Occupying almost 5,000 document cases, the archive of film producer David O. Selznick is the Ransom Center’s largest archive. Nathan Platte, a Musicology Ph.D. candidate at the University of Michigan, navigated through this enormous collection last year with a dissertation fellowship jointly sponsored by the Ransom Center and The University of Texas at Austin Office of Graduate Studies. Platte shares his experiences conducting research at the Ransom Center for his dissertation, “Musical Collaboration, Coercion, and Resistance in the Films of David O. Selznick, 1932–1948.”
While writing a dissertation on the films of David O. Selznick, I had the fortunate opportunity to conduct extensive research in the Harry Ransom Center’s gargantuan David O. Selznick collection. When one thinks of a film producer’s archive, images of contracts, correspondences, scripts, photographs, storyboards, and costumes might come to mind. The Selznick collection contains all of these items, but my project focused on a different facet. As a musicologist, I was most interested in the musical scores of Selznick’s films—the famous “Tara” theme that plays as Scarlett and her father watch the sun set in Gone with the Wind (1939), the eerie electronic sounds that waft through spooky sequences in Rebecca (1940) and Spellbound (1945), the brass fanfares that gild scenes of pageantry in The Prisoner of Zenda (1937), and even the piano piece performed by the icy murderess of The Paradine Case (1947).
What exactly is the archival footprint of film music? The list is actually quite daunting: instructions from Selznick detailing musical ideas and impressions, pencil sketches made by the composer, full orchestral scores arranged by orchestrators, orchestral parts and “short” scores rendered by copyists, recording logs that state when the score was recorded, who played in the orchestra, and how many performances it took before the conductor was satisfied… There are also standard studio documents related to music: contracts for composers, correspondences between Selznick and music directors, and occasional photographs of the musicians who worked behind the scenes. Put simply, the Selznick collection is a treasure trove for the film musicologist.
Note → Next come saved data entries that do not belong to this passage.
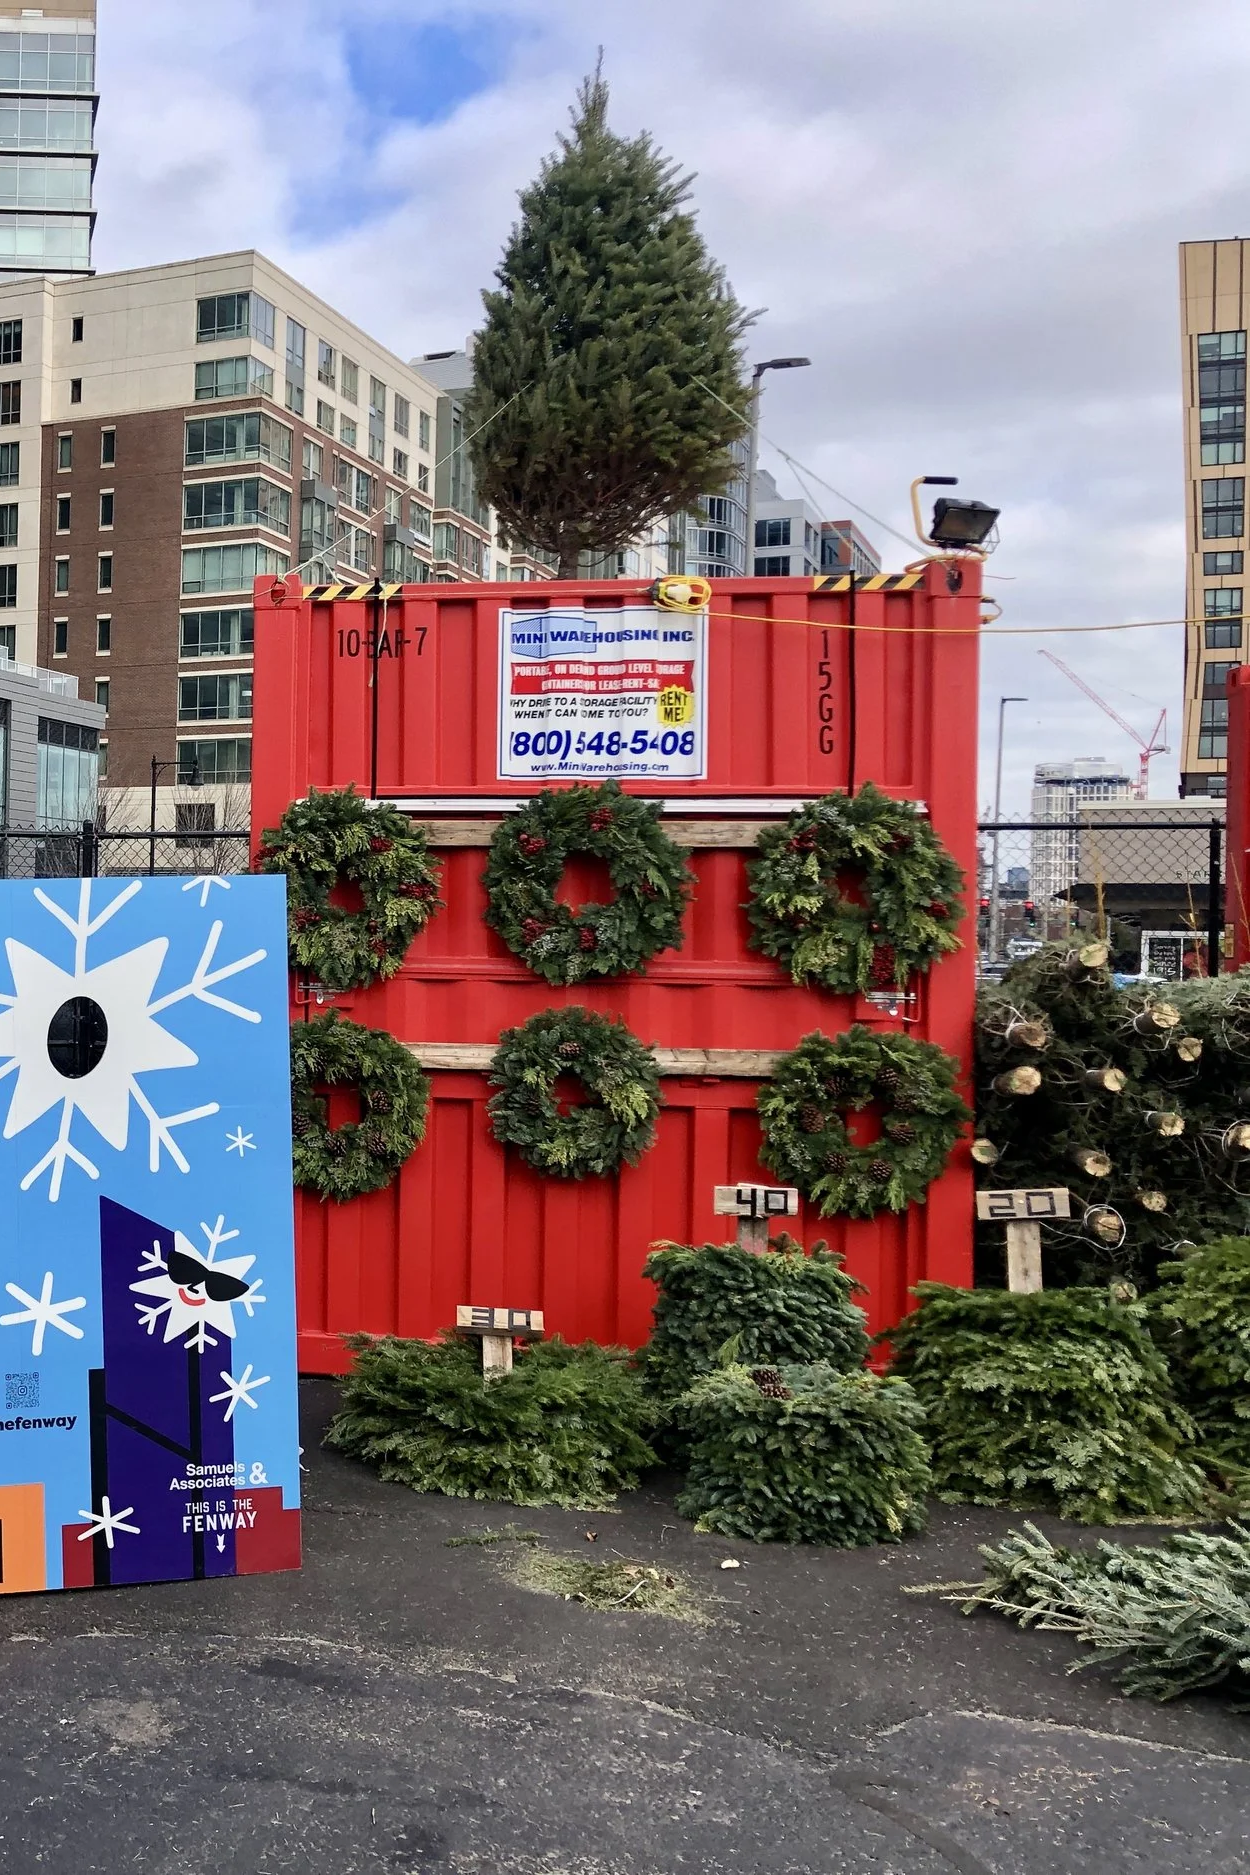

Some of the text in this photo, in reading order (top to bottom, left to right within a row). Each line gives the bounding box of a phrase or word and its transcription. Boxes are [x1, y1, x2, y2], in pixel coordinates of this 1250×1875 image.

[662, 630, 695, 642] INC.
[628, 662, 654, 674] LEVEL
[555, 697, 567, 706] TO
[570, 697, 577, 706] A
[660, 691, 688, 707] RENT
[514, 710, 545, 719] WHEN
[555, 709, 577, 718] CAN
[621, 708, 648, 718] YOU?
[664, 707, 684, 722] ME!
[509, 730, 572, 761] (800)
[736, 1188, 788, 1217] 40
[988, 1192, 1056, 1217] 20
[471, 1308, 531, 1330] 30
[186, 1461, 268, 1485] Samuels &
[169, 1475, 246, 1490] Associates
[185, 1498, 253, 1514] THIS IS THE
[182, 1511, 257, 1533] FENWAY
My dissertation examines the process of scoring a film. This involved documenting many steps, including the collaboration (and arguments) between Selznick and composers. I also studied the input of directors like Alfred Hitchcock and John Cromwell, whose ideas on music differed from Selznick’s. Music editors also influenced the musical content of Selznick’s films even though they did not compose new music. Audray Granville, for example, reshaped Miklós Rózsa’s score for Spellbound through artful cutting and pasting. Reading her correspondences with Selznick is illuminating; the producer trusted her judgment more than the composer’s!
I was always excited to find music not used in the final film. These rejected passages tell stories of their own, and the reasons for their exclusion reveal more about the musical effects intended by Selznick, his composers, and music staff. At times like these, the process of film scoring changed my understanding of music’s relationship to story and visuals. With the rich sources of the Selznick collection and the generous support of a Ransom Center dissertation fellowship, I found this research to be both exhilarating and revelatory.